▶ What needs to be done:
Could you copy the lines below exactly, leaving none out?

▶ Entries shown:

↓↓↓

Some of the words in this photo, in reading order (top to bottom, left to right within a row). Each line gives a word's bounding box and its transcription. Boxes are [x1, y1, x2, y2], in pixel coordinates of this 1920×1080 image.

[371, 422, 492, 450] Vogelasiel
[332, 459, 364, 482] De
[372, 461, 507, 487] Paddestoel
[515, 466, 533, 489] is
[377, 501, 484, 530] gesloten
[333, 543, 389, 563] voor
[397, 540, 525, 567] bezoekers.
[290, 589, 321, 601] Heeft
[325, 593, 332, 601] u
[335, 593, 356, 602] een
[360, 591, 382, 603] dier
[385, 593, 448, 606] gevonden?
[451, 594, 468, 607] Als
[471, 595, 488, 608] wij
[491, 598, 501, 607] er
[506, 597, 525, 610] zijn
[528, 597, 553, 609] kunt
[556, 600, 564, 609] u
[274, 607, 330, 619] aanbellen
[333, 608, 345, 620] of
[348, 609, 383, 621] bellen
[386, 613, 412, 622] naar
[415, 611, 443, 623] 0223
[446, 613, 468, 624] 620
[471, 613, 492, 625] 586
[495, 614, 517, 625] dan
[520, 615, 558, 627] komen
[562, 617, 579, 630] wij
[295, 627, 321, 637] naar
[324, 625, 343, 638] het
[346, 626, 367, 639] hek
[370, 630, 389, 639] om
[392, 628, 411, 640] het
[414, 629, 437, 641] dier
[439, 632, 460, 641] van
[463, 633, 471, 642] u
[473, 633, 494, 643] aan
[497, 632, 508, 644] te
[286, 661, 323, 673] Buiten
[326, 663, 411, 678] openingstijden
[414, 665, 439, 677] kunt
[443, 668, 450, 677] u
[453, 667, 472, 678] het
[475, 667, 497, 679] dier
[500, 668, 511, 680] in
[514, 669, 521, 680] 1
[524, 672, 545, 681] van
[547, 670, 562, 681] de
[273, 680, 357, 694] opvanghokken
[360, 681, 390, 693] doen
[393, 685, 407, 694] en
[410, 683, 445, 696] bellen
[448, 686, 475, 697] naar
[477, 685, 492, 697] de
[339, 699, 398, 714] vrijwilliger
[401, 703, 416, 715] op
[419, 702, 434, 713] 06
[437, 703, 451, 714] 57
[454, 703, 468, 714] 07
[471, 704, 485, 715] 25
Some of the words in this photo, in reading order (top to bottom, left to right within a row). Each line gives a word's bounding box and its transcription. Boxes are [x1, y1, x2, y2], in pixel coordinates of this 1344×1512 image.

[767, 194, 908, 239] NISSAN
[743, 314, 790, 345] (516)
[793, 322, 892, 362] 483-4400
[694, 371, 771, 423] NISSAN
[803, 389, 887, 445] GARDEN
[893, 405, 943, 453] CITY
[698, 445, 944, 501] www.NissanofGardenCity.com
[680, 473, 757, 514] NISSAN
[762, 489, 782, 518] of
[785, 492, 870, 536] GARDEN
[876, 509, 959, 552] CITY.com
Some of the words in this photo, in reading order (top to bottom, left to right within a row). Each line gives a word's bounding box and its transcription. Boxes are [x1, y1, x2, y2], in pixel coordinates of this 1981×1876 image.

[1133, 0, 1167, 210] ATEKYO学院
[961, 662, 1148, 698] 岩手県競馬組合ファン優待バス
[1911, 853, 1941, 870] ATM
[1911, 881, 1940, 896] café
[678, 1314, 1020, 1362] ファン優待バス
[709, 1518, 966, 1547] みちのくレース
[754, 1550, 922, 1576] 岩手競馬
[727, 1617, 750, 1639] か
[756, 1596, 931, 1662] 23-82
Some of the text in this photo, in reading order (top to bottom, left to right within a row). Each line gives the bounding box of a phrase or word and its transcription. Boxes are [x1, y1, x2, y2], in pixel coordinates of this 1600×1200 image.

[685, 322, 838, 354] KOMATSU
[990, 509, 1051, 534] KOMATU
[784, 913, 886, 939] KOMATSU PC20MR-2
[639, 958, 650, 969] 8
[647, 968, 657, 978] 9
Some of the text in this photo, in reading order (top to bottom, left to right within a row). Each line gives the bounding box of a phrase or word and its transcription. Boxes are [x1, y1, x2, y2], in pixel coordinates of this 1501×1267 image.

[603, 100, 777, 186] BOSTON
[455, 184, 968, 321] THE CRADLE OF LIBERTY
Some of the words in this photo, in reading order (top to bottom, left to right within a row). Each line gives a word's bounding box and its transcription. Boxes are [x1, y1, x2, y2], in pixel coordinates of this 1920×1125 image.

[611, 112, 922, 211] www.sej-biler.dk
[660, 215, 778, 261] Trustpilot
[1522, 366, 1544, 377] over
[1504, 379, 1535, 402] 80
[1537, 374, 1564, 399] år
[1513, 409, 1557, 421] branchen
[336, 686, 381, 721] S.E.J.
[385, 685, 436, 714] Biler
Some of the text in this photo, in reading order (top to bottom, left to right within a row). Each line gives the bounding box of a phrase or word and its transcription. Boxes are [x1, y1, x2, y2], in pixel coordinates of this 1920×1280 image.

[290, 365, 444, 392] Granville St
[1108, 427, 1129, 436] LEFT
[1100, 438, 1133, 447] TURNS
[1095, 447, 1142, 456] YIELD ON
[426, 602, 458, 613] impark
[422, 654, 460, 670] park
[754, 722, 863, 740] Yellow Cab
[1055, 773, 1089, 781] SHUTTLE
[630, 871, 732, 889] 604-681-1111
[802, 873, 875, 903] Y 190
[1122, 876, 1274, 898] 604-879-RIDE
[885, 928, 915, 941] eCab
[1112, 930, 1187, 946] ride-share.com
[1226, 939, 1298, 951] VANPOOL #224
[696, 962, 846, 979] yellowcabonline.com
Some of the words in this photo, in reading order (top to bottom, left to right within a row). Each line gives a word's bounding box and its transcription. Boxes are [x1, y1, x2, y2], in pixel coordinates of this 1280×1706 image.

↑↑↑

▶ Output of the task:
Some of the words in this photo, in reading order (top to bottom, left to right within a row). Each line gives a word's bounding box and its transcription. Boxes are [x1, y1, x2, y2], in pixel coordinates of this 1920×1080 image.

[371, 422, 492, 450] Vogelasiel
[332, 459, 364, 482] De
[372, 461, 507, 487] Paddestoel
[515, 466, 533, 489] is
[377, 501, 484, 530] gesloten
[333, 543, 389, 563] voor
[397, 540, 525, 567] bezoekers.
[290, 589, 321, 601] Heeft
[325, 593, 332, 601] u
[335, 593, 356, 602] een
[360, 591, 382, 603] dier
[385, 593, 448, 606] gevonden?
[451, 594, 468, 607] Als
[471, 595, 488, 608] wij
[491, 598, 501, 607] er
[506, 597, 525, 610] zijn
[528, 597, 553, 609] kunt
[556, 600, 564, 609] u
[274, 607, 330, 619] aanbellen
[333, 608, 345, 620] of
[348, 609, 383, 621] bellen
[386, 613, 412, 622] naar
[415, 611, 443, 623] 0223
[446, 613, 468, 624] 620
[471, 613, 492, 625] 586
[495, 614, 517, 625] dan
[520, 615, 558, 627] komen
[562, 617, 579, 630] wij
[295, 627, 321, 637] naar
[324, 625, 343, 638] het
[346, 626, 367, 639] hek
[370, 630, 389, 639] om
[392, 628, 411, 640] het
[414, 629, 437, 641] dier
[439, 632, 460, 641] van
[463, 633, 471, 642] u
[473, 633, 494, 643] aan
[497, 632, 508, 644] te
[286, 661, 323, 673] Buiten
[326, 663, 411, 678] openingstijden
[414, 665, 439, 677] kunt
[443, 668, 450, 677] u
[453, 667, 472, 678] het
[475, 667, 497, 679] dier
[500, 668, 511, 680] in
[514, 669, 521, 680] 1
[524, 672, 545, 681] van
[547, 670, 562, 681] de
[273, 680, 357, 694] opvanghokken
[360, 681, 390, 693] doen
[393, 685, 407, 694] en
[410, 683, 445, 696] bellen
[448, 686, 475, 697] naar
[477, 685, 492, 697] de
[339, 699, 398, 714] vrijwilliger
[401, 703, 416, 715] op
[419, 702, 434, 713] 06
[437, 703, 451, 714] 57
[454, 703, 468, 714] 07
[471, 704, 485, 715] 25
Some of the words in this photo, in reading order (top to bottom, left to right within a row). Each line gives a word's bounding box and its transcription. Boxes are [x1, y1, x2, y2], in pixel coordinates of this 1344×1512 image.

[767, 194, 908, 239] NISSAN
[743, 314, 790, 345] (516)
[793, 322, 892, 362] 483-4400
[694, 371, 771, 423] NISSAN
[803, 389, 887, 445] GARDEN
[893, 405, 943, 453] CITY
[698, 445, 944, 501] www.NissanofGardenCity.com
[680, 473, 757, 514] NISSAN
[762, 489, 782, 518] of
[785, 492, 870, 536] GARDEN
[876, 509, 959, 552] CITY.com
Some of the words in this photo, in reading order (top to bottom, left to right within a row). Each line gives a word's bounding box and its transcription. Boxes are [x1, y1, x2, y2], in pixel coordinates of this 1981×1876 image.

[1133, 0, 1167, 210] ATEKYO学院
[961, 662, 1148, 698] 岩手県競馬組合ファン優待バス
[1911, 853, 1941, 870] ATM
[1911, 881, 1940, 896] café
[678, 1314, 1020, 1362] ファン優待バス
[709, 1518, 966, 1547] みちのくレース
[754, 1550, 922, 1576] 岩手競馬
[727, 1617, 750, 1639] か
[756, 1596, 931, 1662] 23-82
Some of the text in this photo, in reading order (top to bottom, left to right within a row). Each line gives the bounding box of a phrase or word and its transcription. Boxes are [x1, y1, x2, y2], in pixel coordinates of this 1600×1200 image.

[685, 322, 838, 354] KOMATSU
[990, 509, 1051, 534] KOMATU
[784, 913, 886, 939] KOMATSU PC20MR-2
[639, 958, 650, 969] 8
[647, 968, 657, 978] 9
Some of the text in this photo, in reading order (top to bottom, left to right within a row). Each line gives the bounding box of a phrase or word and its transcription. Boxes are [x1, y1, x2, y2], in pixel coordinates of this 1501×1267 image.

[603, 100, 777, 186] BOSTON
[455, 184, 968, 321] THE CRADLE OF LIBERTY
Some of the words in this photo, in reading order (top to bottom, left to right within a row). Each line gives a word's bounding box and its transcription. Boxes are [x1, y1, x2, y2], in pixel coordinates of this 1920×1125 image.

[611, 112, 922, 211] www.sej-biler.dk
[660, 215, 778, 261] Trustpilot
[1522, 366, 1544, 377] over
[1504, 379, 1535, 402] 80
[1537, 374, 1564, 399] år
[1513, 409, 1557, 421] branchen
[336, 686, 381, 721] S.E.J.
[385, 685, 436, 714] Biler
Some of the text in this photo, in reading order (top to bottom, left to right within a row). Each line gives the bounding box of a phrase or word and its transcription. Boxes are [x1, y1, x2, y2], in pixel coordinates of this 1920×1280 image.

[290, 365, 444, 392] Granville St
[1108, 427, 1129, 436] LEFT
[1100, 438, 1133, 447] TURNS
[1095, 447, 1142, 456] YIELD ON
[426, 602, 458, 613] impark
[422, 654, 460, 670] park
[754, 722, 863, 740] Yellow Cab
[1055, 773, 1089, 781] SHUTTLE
[630, 871, 732, 889] 604-681-1111
[802, 873, 875, 903] Y 190
[1122, 876, 1274, 898] 604-879-RIDE
[885, 928, 915, 941] eCab
[1112, 930, 1187, 946] ride-share.com
[1226, 939, 1298, 951] VANPOOL #224
[696, 962, 846, 979] yellowcabonline.com
Some of the words in this photo, in reading order (top to bottom, left to right within a row). Each line gives a word's bounding box and its transcription. Boxes are [x1, y1, x2, y2], in pixel coordinates of this 1280×1706 image.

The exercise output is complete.